- Data for analysis:
==================================================
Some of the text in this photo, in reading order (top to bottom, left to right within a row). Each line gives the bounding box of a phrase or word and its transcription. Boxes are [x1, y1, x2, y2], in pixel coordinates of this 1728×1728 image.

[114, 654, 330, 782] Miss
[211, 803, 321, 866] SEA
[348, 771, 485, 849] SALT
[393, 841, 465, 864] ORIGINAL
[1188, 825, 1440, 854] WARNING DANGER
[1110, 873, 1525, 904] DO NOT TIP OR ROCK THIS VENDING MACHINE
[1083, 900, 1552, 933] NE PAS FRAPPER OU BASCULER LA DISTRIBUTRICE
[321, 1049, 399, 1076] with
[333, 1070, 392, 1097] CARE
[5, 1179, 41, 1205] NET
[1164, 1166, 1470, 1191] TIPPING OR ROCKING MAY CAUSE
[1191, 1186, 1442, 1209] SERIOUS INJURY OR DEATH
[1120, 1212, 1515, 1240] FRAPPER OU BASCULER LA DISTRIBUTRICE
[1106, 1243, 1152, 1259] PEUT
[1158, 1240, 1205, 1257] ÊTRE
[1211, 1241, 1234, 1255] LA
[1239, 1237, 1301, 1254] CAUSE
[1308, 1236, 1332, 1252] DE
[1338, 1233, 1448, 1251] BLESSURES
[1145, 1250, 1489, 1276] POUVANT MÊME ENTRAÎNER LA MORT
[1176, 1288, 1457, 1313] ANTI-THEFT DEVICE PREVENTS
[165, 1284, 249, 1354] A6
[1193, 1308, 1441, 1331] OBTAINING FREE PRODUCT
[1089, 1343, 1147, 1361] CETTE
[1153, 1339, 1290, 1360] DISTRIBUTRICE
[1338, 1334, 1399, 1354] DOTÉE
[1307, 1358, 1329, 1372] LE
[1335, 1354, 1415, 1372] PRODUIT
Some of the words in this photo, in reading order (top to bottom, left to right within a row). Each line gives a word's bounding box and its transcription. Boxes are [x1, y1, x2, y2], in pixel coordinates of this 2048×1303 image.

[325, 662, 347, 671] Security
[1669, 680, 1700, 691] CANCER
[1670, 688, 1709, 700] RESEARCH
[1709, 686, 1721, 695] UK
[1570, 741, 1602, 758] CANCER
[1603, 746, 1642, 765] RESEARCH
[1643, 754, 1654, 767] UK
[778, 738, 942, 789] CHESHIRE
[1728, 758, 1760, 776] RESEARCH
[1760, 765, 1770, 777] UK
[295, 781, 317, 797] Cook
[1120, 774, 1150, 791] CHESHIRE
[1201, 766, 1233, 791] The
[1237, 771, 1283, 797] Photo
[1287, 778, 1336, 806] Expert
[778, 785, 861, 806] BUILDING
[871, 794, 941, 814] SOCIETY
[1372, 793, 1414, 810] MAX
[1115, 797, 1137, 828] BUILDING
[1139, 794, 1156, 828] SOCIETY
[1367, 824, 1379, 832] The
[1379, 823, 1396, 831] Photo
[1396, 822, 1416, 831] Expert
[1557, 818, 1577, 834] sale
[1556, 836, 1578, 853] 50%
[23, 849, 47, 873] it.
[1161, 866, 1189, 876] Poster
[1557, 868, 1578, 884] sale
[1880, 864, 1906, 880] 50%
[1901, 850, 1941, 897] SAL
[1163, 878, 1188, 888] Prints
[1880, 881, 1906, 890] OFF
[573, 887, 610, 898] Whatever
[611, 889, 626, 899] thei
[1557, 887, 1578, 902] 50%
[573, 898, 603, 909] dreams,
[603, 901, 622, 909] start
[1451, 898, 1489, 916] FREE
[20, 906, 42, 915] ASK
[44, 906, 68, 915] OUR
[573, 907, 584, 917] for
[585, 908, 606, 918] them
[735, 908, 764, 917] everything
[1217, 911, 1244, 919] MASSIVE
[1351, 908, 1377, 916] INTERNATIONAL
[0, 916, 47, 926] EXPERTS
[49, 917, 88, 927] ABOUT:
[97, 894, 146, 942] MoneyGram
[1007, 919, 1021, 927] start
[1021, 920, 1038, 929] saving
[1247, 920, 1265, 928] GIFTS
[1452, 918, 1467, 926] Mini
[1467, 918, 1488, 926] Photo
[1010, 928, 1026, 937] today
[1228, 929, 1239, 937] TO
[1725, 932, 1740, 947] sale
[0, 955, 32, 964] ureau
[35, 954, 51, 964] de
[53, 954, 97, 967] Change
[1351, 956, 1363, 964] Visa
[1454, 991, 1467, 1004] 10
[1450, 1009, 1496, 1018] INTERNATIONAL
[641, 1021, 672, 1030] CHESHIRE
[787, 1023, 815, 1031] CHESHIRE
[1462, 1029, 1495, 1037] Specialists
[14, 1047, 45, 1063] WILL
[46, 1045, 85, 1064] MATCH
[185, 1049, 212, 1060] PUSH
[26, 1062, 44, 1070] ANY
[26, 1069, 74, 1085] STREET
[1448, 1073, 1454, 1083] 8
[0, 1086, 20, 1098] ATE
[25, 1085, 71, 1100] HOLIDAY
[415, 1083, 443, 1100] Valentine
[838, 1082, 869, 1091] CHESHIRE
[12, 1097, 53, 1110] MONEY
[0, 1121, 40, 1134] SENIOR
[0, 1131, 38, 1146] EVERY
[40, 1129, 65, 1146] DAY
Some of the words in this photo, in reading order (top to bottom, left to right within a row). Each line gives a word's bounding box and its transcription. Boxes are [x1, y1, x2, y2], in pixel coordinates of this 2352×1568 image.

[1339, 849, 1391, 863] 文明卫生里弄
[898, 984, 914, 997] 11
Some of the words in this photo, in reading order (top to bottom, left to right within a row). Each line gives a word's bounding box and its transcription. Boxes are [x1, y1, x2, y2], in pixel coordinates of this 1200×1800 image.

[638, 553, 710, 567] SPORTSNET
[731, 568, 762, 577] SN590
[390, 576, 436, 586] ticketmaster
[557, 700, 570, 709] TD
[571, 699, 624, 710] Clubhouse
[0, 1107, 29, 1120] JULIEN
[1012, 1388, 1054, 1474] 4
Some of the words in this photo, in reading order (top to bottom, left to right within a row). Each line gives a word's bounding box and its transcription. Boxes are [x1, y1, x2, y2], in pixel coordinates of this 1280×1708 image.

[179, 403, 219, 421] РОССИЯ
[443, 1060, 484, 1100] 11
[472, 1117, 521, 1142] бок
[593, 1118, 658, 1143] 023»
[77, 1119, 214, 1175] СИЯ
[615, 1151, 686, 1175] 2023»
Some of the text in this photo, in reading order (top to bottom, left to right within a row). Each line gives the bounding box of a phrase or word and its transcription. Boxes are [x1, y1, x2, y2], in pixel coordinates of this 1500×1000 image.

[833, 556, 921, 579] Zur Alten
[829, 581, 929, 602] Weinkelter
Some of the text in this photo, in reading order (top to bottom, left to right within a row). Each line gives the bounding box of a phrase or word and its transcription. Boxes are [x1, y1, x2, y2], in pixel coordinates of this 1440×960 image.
==================================================
- Aim of the exercise:
An exact reproduction of all the records is needed.

- Result:
Some of the text in this photo, in reading order (top to bottom, left to right within a row). Each line gives the bounding box of a phrase or word and its transcription. Boxes are [x1, y1, x2, y2], in pixel coordinates of this 1728×1728 image.

[114, 654, 330, 782] Miss
[211, 803, 321, 866] SEA
[348, 771, 485, 849] SALT
[393, 841, 465, 864] ORIGINAL
[1188, 825, 1440, 854] WARNING DANGER
[1110, 873, 1525, 904] DO NOT TIP OR ROCK THIS VENDING MACHINE
[1083, 900, 1552, 933] NE PAS FRAPPER OU BASCULER LA DISTRIBUTRICE
[321, 1049, 399, 1076] with
[333, 1070, 392, 1097] CARE
[5, 1179, 41, 1205] NET
[1164, 1166, 1470, 1191] TIPPING OR ROCKING MAY CAUSE
[1191, 1186, 1442, 1209] SERIOUS INJURY OR DEATH
[1120, 1212, 1515, 1240] FRAPPER OU BASCULER LA DISTRIBUTRICE
[1106, 1243, 1152, 1259] PEUT
[1158, 1240, 1205, 1257] ÊTRE
[1211, 1241, 1234, 1255] LA
[1239, 1237, 1301, 1254] CAUSE
[1308, 1236, 1332, 1252] DE
[1338, 1233, 1448, 1251] BLESSURES
[1145, 1250, 1489, 1276] POUVANT MÊME ENTRAÎNER LA MORT
[1176, 1288, 1457, 1313] ANTI-THEFT DEVICE PREVENTS
[165, 1284, 249, 1354] A6
[1193, 1308, 1441, 1331] OBTAINING FREE PRODUCT
[1089, 1343, 1147, 1361] CETTE
[1153, 1339, 1290, 1360] DISTRIBUTRICE
[1338, 1334, 1399, 1354] DOTÉE
[1307, 1358, 1329, 1372] LE
[1335, 1354, 1415, 1372] PRODUIT
Some of the words in this photo, in reading order (top to bottom, left to right within a row). Each line gives a word's bounding box and its transcription. Boxes are [x1, y1, x2, y2], in pixel coordinates of this 2048×1303 image.

[325, 662, 347, 671] Security
[1669, 680, 1700, 691] CANCER
[1670, 688, 1709, 700] RESEARCH
[1709, 686, 1721, 695] UK
[1570, 741, 1602, 758] CANCER
[1603, 746, 1642, 765] RESEARCH
[1643, 754, 1654, 767] UK
[778, 738, 942, 789] CHESHIRE
[1728, 758, 1760, 776] RESEARCH
[1760, 765, 1770, 777] UK
[295, 781, 317, 797] Cook
[1120, 774, 1150, 791] CHESHIRE
[1201, 766, 1233, 791] The
[1237, 771, 1283, 797] Photo
[1287, 778, 1336, 806] Expert
[778, 785, 861, 806] BUILDING
[871, 794, 941, 814] SOCIETY
[1372, 793, 1414, 810] MAX
[1115, 797, 1137, 828] BUILDING
[1139, 794, 1156, 828] SOCIETY
[1367, 824, 1379, 832] The
[1379, 823, 1396, 831] Photo
[1396, 822, 1416, 831] Expert
[1557, 818, 1577, 834] sale
[1556, 836, 1578, 853] 50%
[23, 849, 47, 873] it.
[1161, 866, 1189, 876] Poster
[1557, 868, 1578, 884] sale
[1880, 864, 1906, 880] 50%
[1901, 850, 1941, 897] SAL
[1163, 878, 1188, 888] Prints
[1880, 881, 1906, 890] OFF
[573, 887, 610, 898] Whatever
[611, 889, 626, 899] thei
[1557, 887, 1578, 902] 50%
[573, 898, 603, 909] dreams,
[603, 901, 622, 909] start
[1451, 898, 1489, 916] FREE
[20, 906, 42, 915] ASK
[44, 906, 68, 915] OUR
[573, 907, 584, 917] for
[585, 908, 606, 918] them
[735, 908, 764, 917] everything
[1217, 911, 1244, 919] MASSIVE
[1351, 908, 1377, 916] INTERNATIONAL
[0, 916, 47, 926] EXPERTS
[49, 917, 88, 927] ABOUT:
[97, 894, 146, 942] MoneyGram
[1007, 919, 1021, 927] start
[1021, 920, 1038, 929] saving
[1247, 920, 1265, 928] GIFTS
[1452, 918, 1467, 926] Mini
[1467, 918, 1488, 926] Photo
[1010, 928, 1026, 937] today
[1228, 929, 1239, 937] TO
[1725, 932, 1740, 947] sale
[0, 955, 32, 964] ureau
[35, 954, 51, 964] de
[53, 954, 97, 967] Change
[1351, 956, 1363, 964] Visa
[1454, 991, 1467, 1004] 10
[1450, 1009, 1496, 1018] INTERNATIONAL
[641, 1021, 672, 1030] CHESHIRE
[787, 1023, 815, 1031] CHESHIRE
[1462, 1029, 1495, 1037] Specialists
[14, 1047, 45, 1063] WILL
[46, 1045, 85, 1064] MATCH
[185, 1049, 212, 1060] PUSH
[26, 1062, 44, 1070] ANY
[26, 1069, 74, 1085] STREET
[1448, 1073, 1454, 1083] 8
[0, 1086, 20, 1098] ATE
[25, 1085, 71, 1100] HOLIDAY
[415, 1083, 443, 1100] Valentine
[838, 1082, 869, 1091] CHESHIRE
[12, 1097, 53, 1110] MONEY
[0, 1121, 40, 1134] SENIOR
[0, 1131, 38, 1146] EVERY
[40, 1129, 65, 1146] DAY
Some of the words in this photo, in reading order (top to bottom, left to right within a row). Each line gives a word's bounding box and its transcription. Boxes are [x1, y1, x2, y2], in pixel coordinates of this 2352×1568 image.

[1339, 849, 1391, 863] 文明卫生里弄
[898, 984, 914, 997] 11
Some of the words in this photo, in reading order (top to bottom, left to right within a row). Each line gives a word's bounding box and its transcription. Boxes are [x1, y1, x2, y2], in pixel coordinates of this 1200×1800 image.

[638, 553, 710, 567] SPORTSNET
[731, 568, 762, 577] SN590
[390, 576, 436, 586] ticketmaster
[557, 700, 570, 709] TD
[571, 699, 624, 710] Clubhouse
[0, 1107, 29, 1120] JULIEN
[1012, 1388, 1054, 1474] 4
Some of the words in this photo, in reading order (top to bottom, left to right within a row). Each line gives a word's bounding box and its transcription. Boxes are [x1, y1, x2, y2], in pixel coordinates of this 1280×1708 image.

[179, 403, 219, 421] РОССИЯ
[443, 1060, 484, 1100] 11
[472, 1117, 521, 1142] бок
[593, 1118, 658, 1143] 023»
[77, 1119, 214, 1175] СИЯ
[615, 1151, 686, 1175] 2023»
Some of the text in this photo, in reading order (top to bottom, left to right within a row). Each line gives the bounding box of a phrase or word and its transcription. Boxes are [x1, y1, x2, y2], in pixel coordinates of this 1500×1000 image.

[833, 556, 921, 579] Zur Alten
[829, 581, 929, 602] Weinkelter
Some of the text in this photo, in reading order (top to bottom, left to right within a row). Each line gives the bounding box of a phrase or word and its transcription. Boxes are [x1, y1, x2, y2], in pixel coordinates of this 1440×960 image.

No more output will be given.